Lead Image © Brian Jackson, 123RF.com

Lead Image © Brian Jackson, 123RF.com

Secure status and event monitoring of tier 0 systems

Keeping a Close Watch

Article from ADMIN 79/2024
We show you how monitoring your sensitive IT systems can be a more secure experience.

From a security perspective, tier 0 systems such as domain controllers, privileged access workstations, or identity management systems provide direct access to digital resources, so more and more IT teams are making sure these systems have additional protection, which includes monitoring to make sure they are working properly.

Regardless of whether you use a tiering model with a formal description (guidelines, firewall rules, and access groups; e.g., the Microsoft tiering model [1]) in your infrastructure or simply apply common sense and good account hygiene in your daily administration, every IT landscape has systems and objects that can be classified as tier 0 – the parts of the environment that enable complete control over the identity and security infrastructure, which makes them both particularly vulnerable and particularly worthy of protection.
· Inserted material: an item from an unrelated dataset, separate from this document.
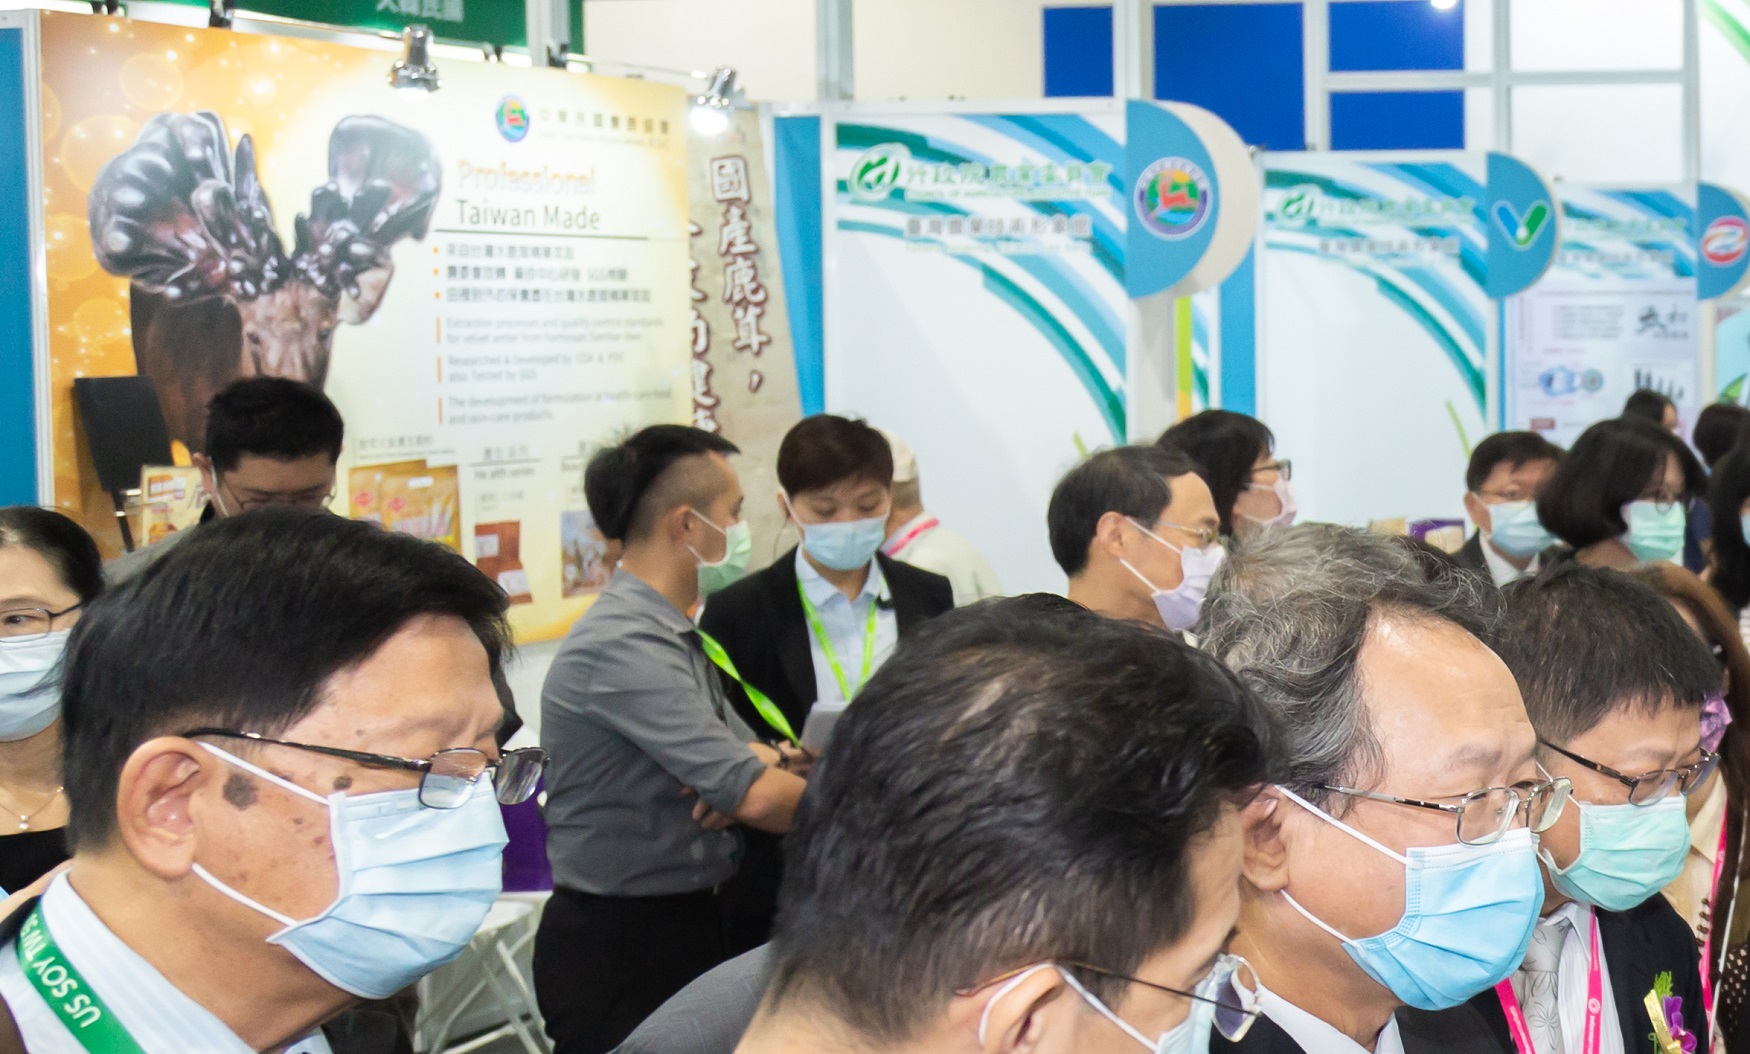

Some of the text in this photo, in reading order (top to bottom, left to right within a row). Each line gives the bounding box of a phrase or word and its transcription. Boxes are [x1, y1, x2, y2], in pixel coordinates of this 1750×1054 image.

In a Windows server landscape, these elements are usually the Active Directory (AD) domain controllers, enterprise certification authorities, and sometimes systems that are heavily integrated into the AD, such as Exchange servers. As hybrid IT has progressed, new typical roles such as the Entra ID Connect server (formerly Azure AD Connect) have been added, and they clearly belong in tier 0. The administration workstations, or privileged access workstations, used to manage tier 0 systems must also be considered tier 0.

If errors occur, it is the monitoring systems' task to notify administrators by email, SMS, or other channels. In many organizations, the monitoring systems are even set up to initiate remedial action automatically in the event of certain malfunctions, ranging from a simple forced restart of a service or the entire server to complex workflows that expand the disks virtual machines (VMs), move the VMs themselves to a different host or cluster, or trigger database reorganizations.